Heard Ya

Happy New Year’s Eve!!  Guess where I am?  Yep, M.D. Anderson!  I’m pretty sure I’ve spent almost every major special event (anniversary, birthday, New Years Eve) in this place J   I hope you had a wonderful Christmas with your friends and family.  The holidays are always a whirlwind.  It’s been awhile since I last updated you on Andrew, so I thought I’d use today’s post to fill you in on his progress.

Andrew did not recover well from chemo round 3.  It took him at least 10 days and then he still doesn’t feel like he’s fully recovered as we head into round 4 today.  Not only has he been physically ill, but mentally he has been struggling with depression.  At times it really scared me how depressed he got.  A few nights ago we had another scare when he coughed up some blood.  He was afraid that the tumor was growing back in his airway.  He has also been having pain in his arm where the cancer is.

Lately, I’ve caught myself daydreaming about Ellie asking for her dad over and over again and not knowing what to tell her.  I cried on Andrew’s chest a couple of nights ago thinking about losing him.  90% of the time I do not let my mind wander to those kinds of thoughts, but occasionally I have a raw moment where it hits me in a particular way and I just need to release the pain.  I still believe that the tumor is shrinking and that he is just months away from being cured, but the truth is nothing is certain.

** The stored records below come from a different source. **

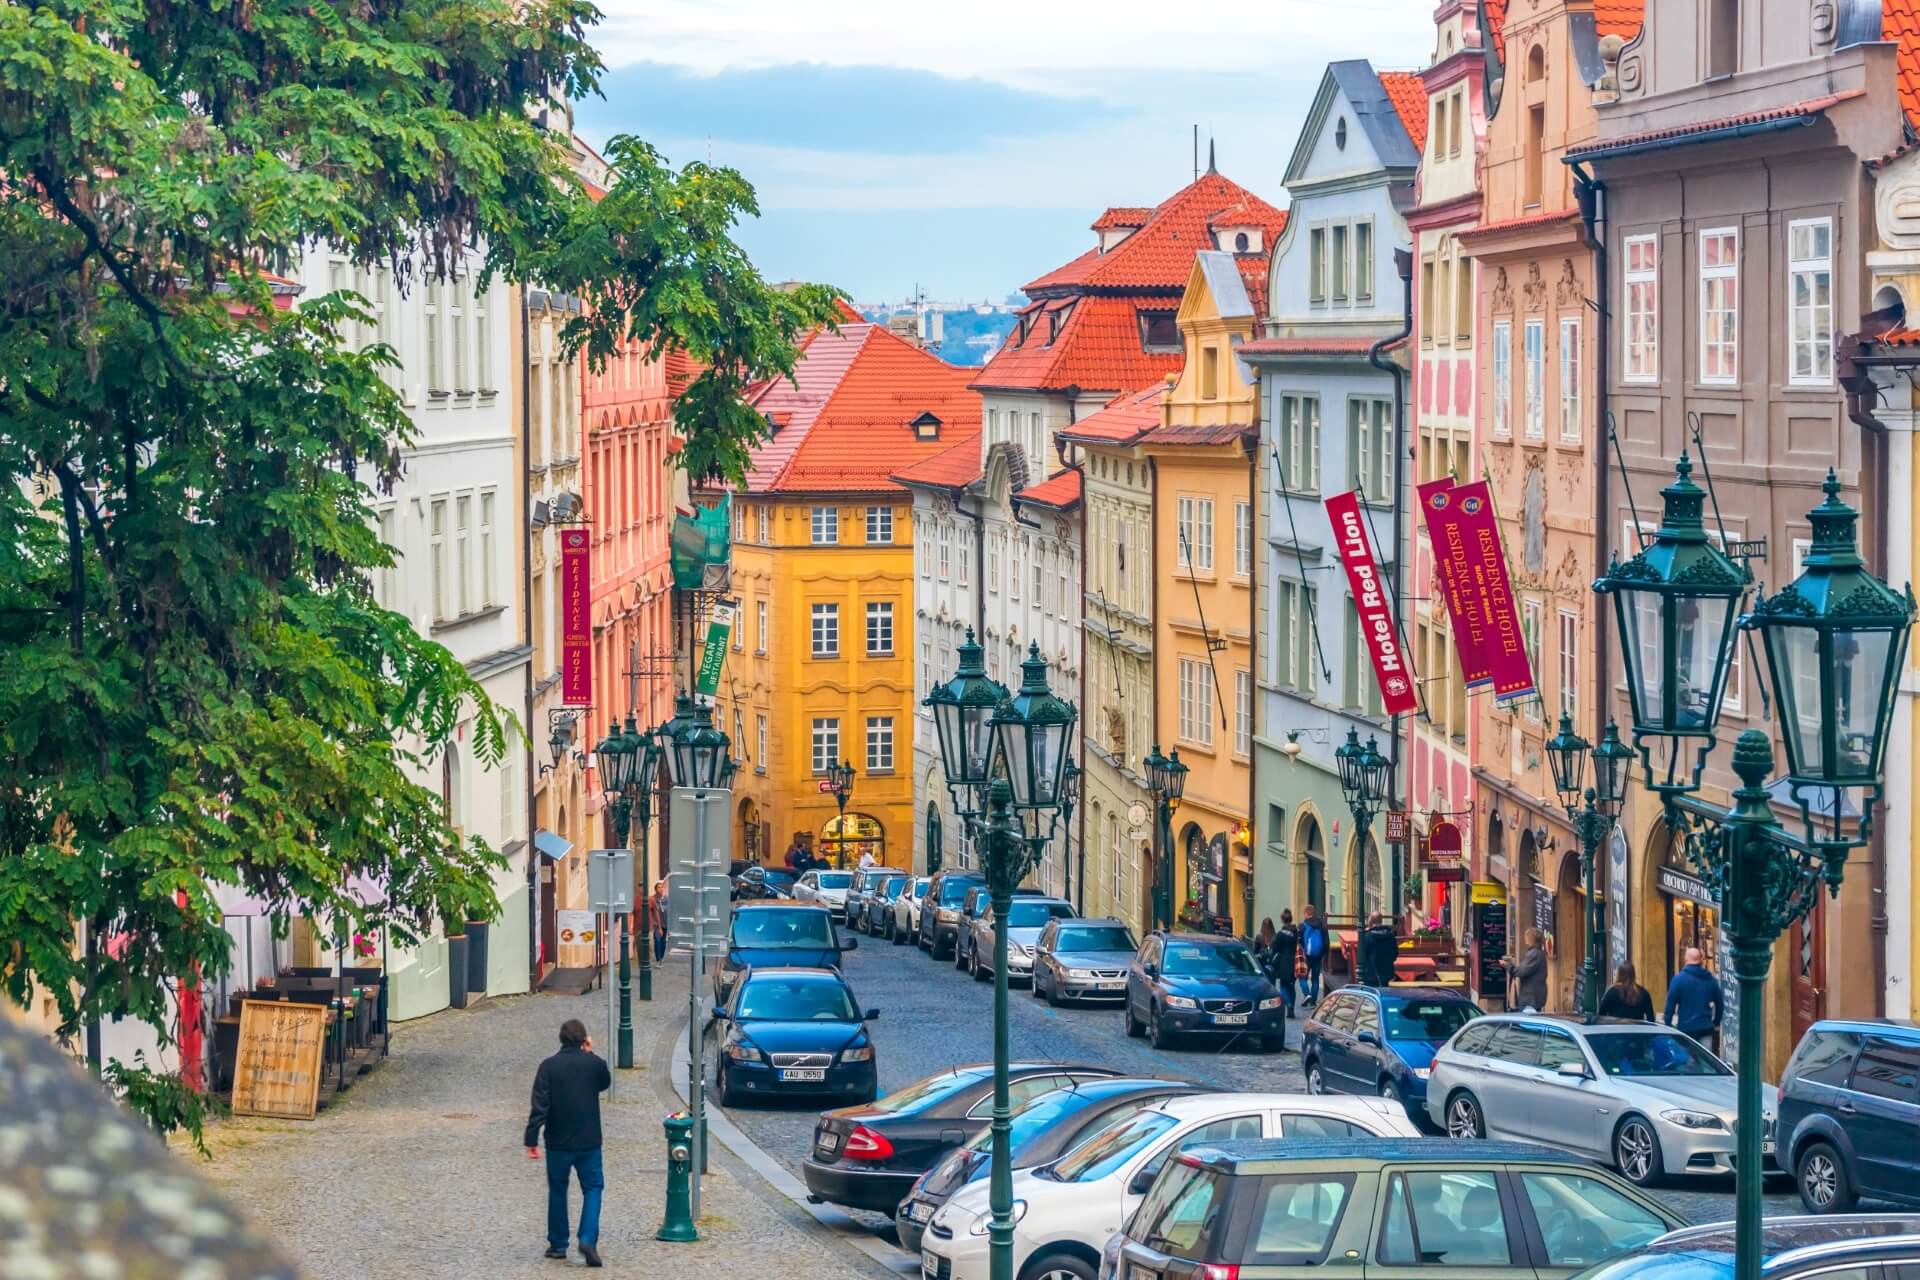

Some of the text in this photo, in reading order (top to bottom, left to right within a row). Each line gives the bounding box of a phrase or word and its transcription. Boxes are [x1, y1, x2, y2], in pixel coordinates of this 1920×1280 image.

[571, 558, 581, 631] RESIDENCE
[1342, 511, 1400, 672] Hotel Red Lion
[1445, 522, 1485, 646] RESIDENCE HOTEL
[1448, 579, 1456, 591] DE
[1450, 590, 1463, 617] PRAGUE
[1474, 565, 1493, 625] BIJOU DE PRAGUE
[1477, 528, 1518, 657] RESIDENCE HOTEL
[572, 650, 581, 691] HOTEL
[701, 642, 716, 676] VEGAN
[709, 636, 727, 685] RESTAURANT
[1663, 872, 1688, 893] OBCHOD
[784, 1070, 822, 1079] 4AU 0550

For as long as I can remember, I’ve written New Years resolutions.  I set physical, spiritual, family and career goals for the year.  Usually I set really high goals, stick to them for a week or two and then stop and beat myself up because I didn’t follow through on my commitments.  I’ve always been impatient when it comes to reaching my goals.  When I was a competitive gymnast and frustrated because I couldn‘t master a skill that I learned that day my coach would say, “Bailey, Rome wasn’t built in a day.”

The more life experience I gain the more I realize that anything you really want takes time to achieve.  So this year my approach is slow and steady wins the race.  What matters most to me is the quality of my life.  My motivation has changed for wanting the things I wanted before.  I still want the same things, but I now have a deeper motivation to achieve them.  I want to eat healthy and workout because I want energy to take care and play with my family.  I want to be a successful life coach because I want to contribute my life experiences and encourage others going through challenging times.  As I’m achieving my goals I want to help other’s reach their own.  I want to connect with my Creator on a deeper level because I want to trust Him more.  I want to set intentional time with my family and create beautiful memories because they are a gift from God.

Not sure if you are a resolutions kind of person, but I encourage you to take time to reflect on this past year.  What brought you joy?  What brought you pain?  Look at the quality of your relationships with others and with yourself.  What can you do to improve your quality of life this year?  I plan on being in the present more as I’m realizing that the present is all that we really have.  I would love to hear your intentions for 2013.

I want to thank you for blessing my family this year with your love, prayers and support.  I’ve been deeply touched and changed by your radical love for us.  Know that Andrew and I count you as one of our many blessings!  Have a happy happy New Year!!!

6 Responses to “Heard Ya”

  1. Cindy

    My mother told me about you and Andrews blog, and you two are Amazing people. Now I am hooked. You have made be think deeply and now my resolutions seen pointless , so I’m going to reevaluate them,as you have made so much sense to me. When I figure it out ill defiantly keep you posted! Stay strong I believe in you and Andrew !

  2. Debbie Terry

    Bailey,
    I’m inspired by your message and your life. I’m rarely on FB but try to keep abreast of Andrew’s medical challenges and your journey together through it. My prayers surround all three of you. YOU, dear one, are the blessing!
    Eager for the day we are all safely home!

  3. Roma Preiss

    Thank you, thank you and thank you to both you and Andrew for your inspiring blogs . Arlis and I prayed fervently for Andrew and his family 11 years ago and we are doing the same again for you, Andrew, Ellie and the rest of the family. You two are such awesome young people of God. Wishing you all a New Year filled with God’s Richest Blessings. I pray and I believe that there is a healing taking place in Andrew. Shalom!